Although the domain and process are described separately, in actuality they are linked inextricably in a transactional relationship. The aspects that constitute the domain and those that constitute the process exist in constant interaction with one another during the delivery of occupational therapy services. Figure 1 represents aspects of the domain and process and the overarching goal of the profession as achieving health, well-being, and participation in life through engagement in occupation. Although the figure illustrates these two elements in distinct spaces, in reality the domain and process interact in complex and dynamic ways as described throughout this document. The nature of the interactions is impossible to capture in a static one-dimensional image.

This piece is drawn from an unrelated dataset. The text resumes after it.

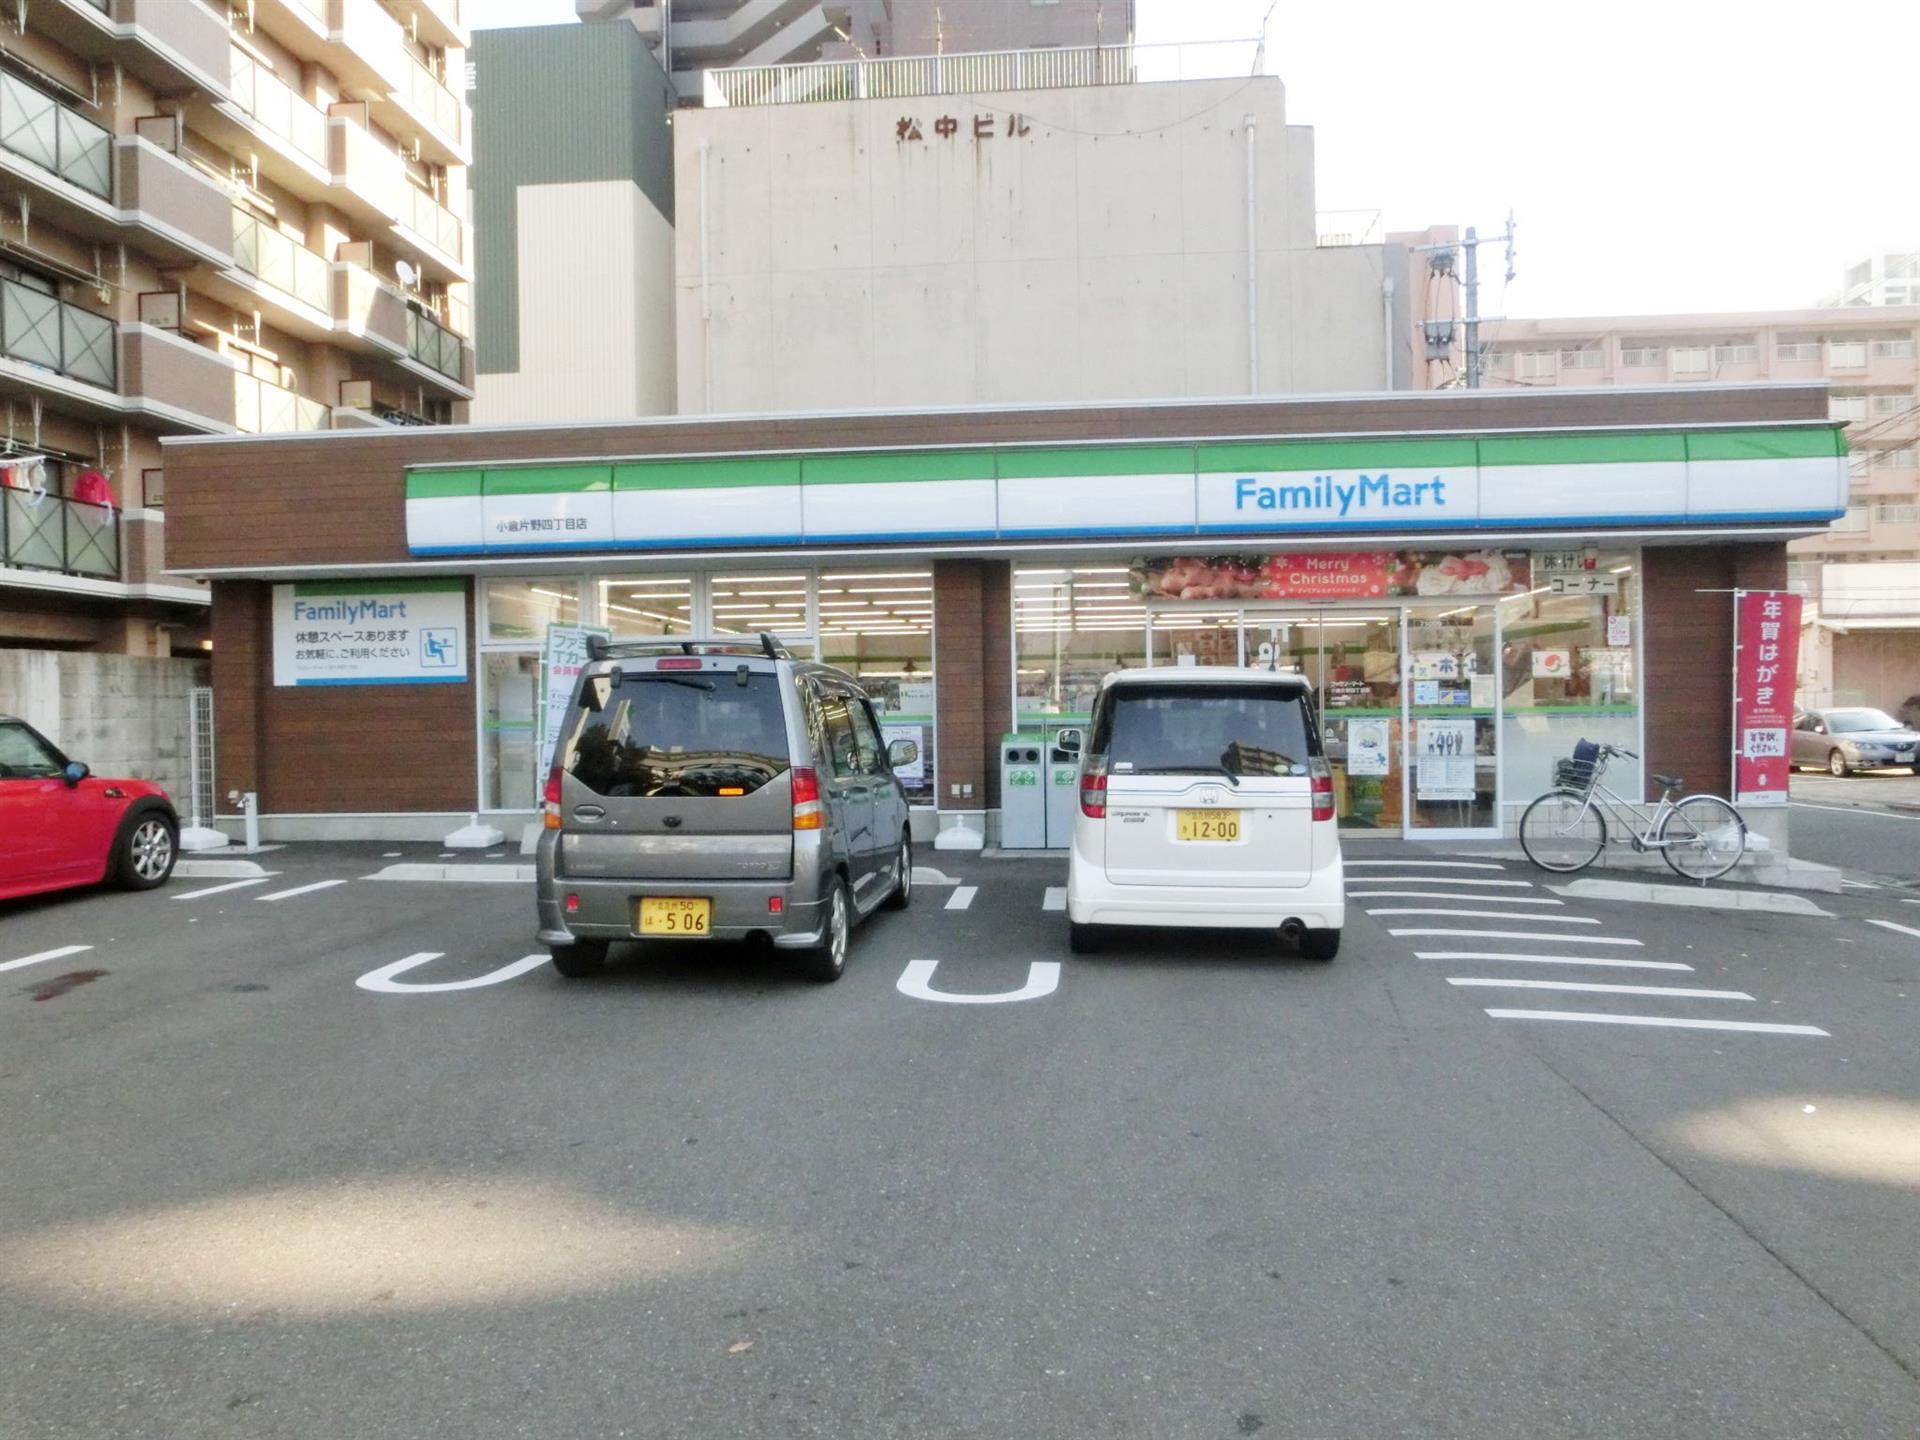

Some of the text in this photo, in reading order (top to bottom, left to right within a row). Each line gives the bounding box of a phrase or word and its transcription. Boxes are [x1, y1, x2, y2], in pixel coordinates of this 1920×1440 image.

Occupational participation can be considered independent whether it occurs individually or with others. It is important to acknowledge that clients can be independent in living regardless of the amount of assistance they receive while completing occupations. Clients may be considered independent even when they direct others (e.g., caregivers) in performing the actions necessary to participate, regardless of the amount or kind of assistance required, if clients are satisfied with their performance. In contrast to definitions of independence that imply direct physical interaction with the environment or objects within the environment, occupational therapy practitioners consider clients to be independent whether they perform the specific occupations by themselves, in an adapted or modified environment, with the use of various devices or alternative strategies, or while overseeing activity completion by others (AOTA, 2002b). For example, a person with spinal cord injury who directs a personal care assistant to assist them with ADLs is demonstrating independence in this essential aspect of their life.
It is also important to acknowledge that not all clients view success as independence. Interdependence, or co-occupational performance, can also be an indicator of personal success. How a client views success may be influenced by their client factors, including their culture.